WordPress Plugins I Use

Avatar of Chris Coyier
Chris Coyier on (Updated on )

I think this is a fun and useful style of post that any WordPress blogger can do. It’s always interesting to hear in what ways people are extending what WordPress can do out of the box. I’ll share the ones I’m using here on CSS-Tricks then you can share yours (either in the comments or in a post on your own WordPress site). My list is quite a bit different than the last time I did this in 2008. If you have some better alternatives to the ones I’m using, I’m always interested in that, too.

AddQuicktag

Allows me to create new buttons in the post editor of my own creation. I have buttons like “jQuery” which allows me to select some code I’m putting in a blog post and it wraps it in the tags I need to make it look like code and be syntax highlighted.

addquicktag
Default buttons plus many of my own.

Advanced Excerpt

Gives me more control for how I output excerpts of posts. For instance, which tags specifically should be removed and which can stay. Also allows for one-off control with a custom function. e.g.
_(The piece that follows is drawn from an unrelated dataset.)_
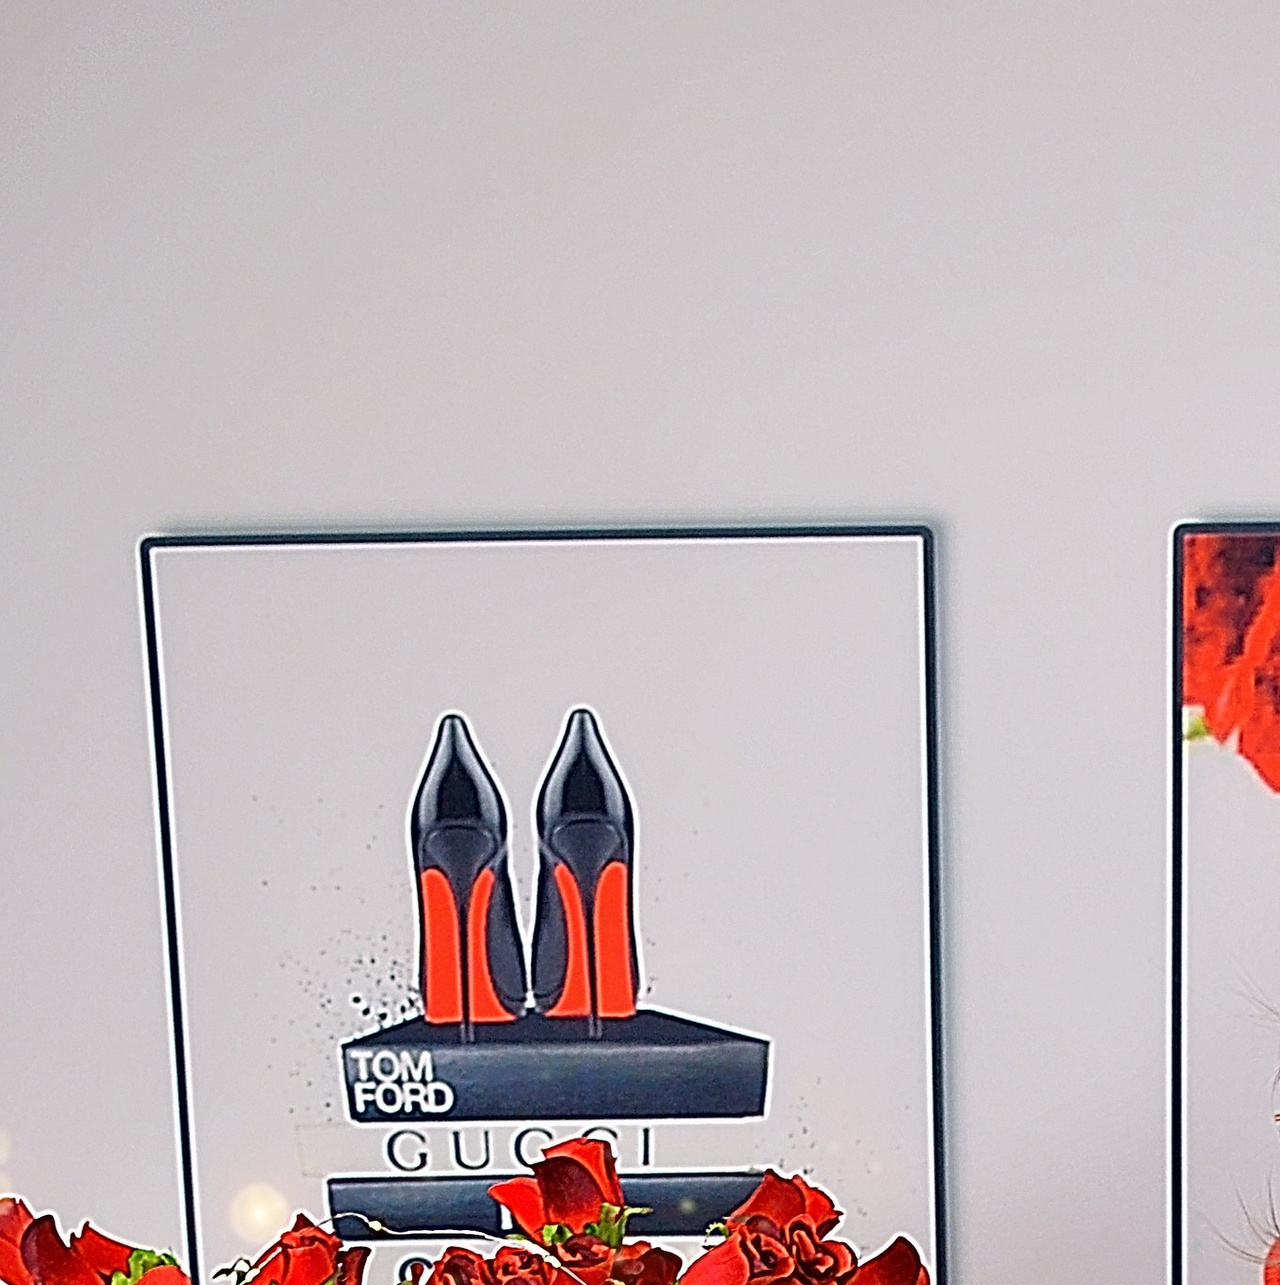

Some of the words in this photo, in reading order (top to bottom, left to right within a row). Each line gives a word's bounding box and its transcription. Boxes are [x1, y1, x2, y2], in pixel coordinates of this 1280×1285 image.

[350, 1051, 433, 1083] TOM
[354, 1081, 455, 1115] FORD
[386, 1126, 652, 1172] GUCI
<?php the_advanced_excerpt("length=40&use_words=1"); ?>

Akismet

Has blocked 148,338 spam comments at the time of this writing. Invaluable.

Clean Notifications

Extremely old but still vital for me. Turns new comment notifications from being plain text with big long gnarly URL’s all over them into a simple HTML email with clickable links.

notifications

I turned this off recently thinking maybe this has made it into core, but it hasn’t. I think it’s time to make WordPress start sending nicer emails, no?

Code Markup

Also extremely old but still works great. All it does is make sure that I don’t have to escape HTML code myself. If it’s inside <code> tags it does it automatically.

FD FeedBurner Plugin

Makes sure all RSS feed requests get shuttled over to my FeedBurner feed. That’s best because 1) then I can track statistics accurately and 2) it relieves some load from the server.

Feature Comments

Gives me the ability to reward good comments and discourage bad comments. All I do is click links in the comment thread to apply class names and I style them. This is just one small tool in curating good comment threads. More on that here.

Live Comment Preview

Speaking of better comment threads, I believe allowing people to see what their comment will look like before posting helps that. Especially on a site where people post code fairly frequently and how easy that is to screw up.

preview
See the next plugin and it’s notes for how the Markdown preview works.

WP-Markdown

Lastly related to comments, I allow people to write them in Markdown. I did this because 1) it’s consistant with the Forums, which also allow Markdown and 2) I like Markdown.

I had to do a slight bit of custom stuff here in that I load up Showdown.js (a JavaScript port of Markdown) so that Live Comment Preview can do it’s preview with Markdown as well. It was a two-line change in the comment preview plugin, but it’s something I have to be aware of when updates come around.

Jetpack

There is a lot of stuff in here, but at the moment I only use one feature: the ability to let users get email notifications of follow up comments or new articles on the blog.

Peter’s Login Redirect

I have it set up so that when Lodge members log in (which is the default WordPress login system), they go straight back to The Lodge.

Yet Another Related Posts Plugin

At the end of each blog posts, lists a couple of other blog posts that people might be interested in reading. The idea is to be helpful to readers with the side bonus of keeping people on your site and engaged.

related-posts

Restrict Content Pro

The heart that makes The Lodge work. Some content just isn’t availble to view on the site unless you’ve logged in and have an active subscription. This makes all that happen. I use the PayPal Pro and CSV user import plugins for it. Plugin plugins!

VaultPress

Does full site and database backups for me. Peace of mind.

W3 Total Cache

Keeps CSS-Tricks speedy. Does the CDN integration with NetDNA automatically.

WordPress HTTPS

Allows me to force certain pages on CSS-Tricks to be SSL just by checking a checkbox. For instance, I do this one the Lodge Signup page, because it collects payment information and that really needs to be secure.

It should be noted that in order for this to be useful you need to:

  1. Have a valid SSL certificate installed on your site
  2. Have your server set up to mirror your site on the HTTPS side (or otherwise do something smart)
  3. If you’re using a CDN, make sure it can handle HTTPS too.
  4. Make sure all resources you use (images, CSS, JS, fonts…) are also HTTPS.

WordPress SEO

Takes care of all the little best practices stuff that is tedious to deal with otherwise. Things like using ideal page title formats, proper meta tags, canonical URLs, sitemap building, social media data, etc.

WP-Polls

Handles the polls around here.

WP Page Numbers

Allows navigation like

← 1 … 2 3 4 … 975 →

instead of just

← previous posts     next posts →


What are some of your can’t-live-without plugins?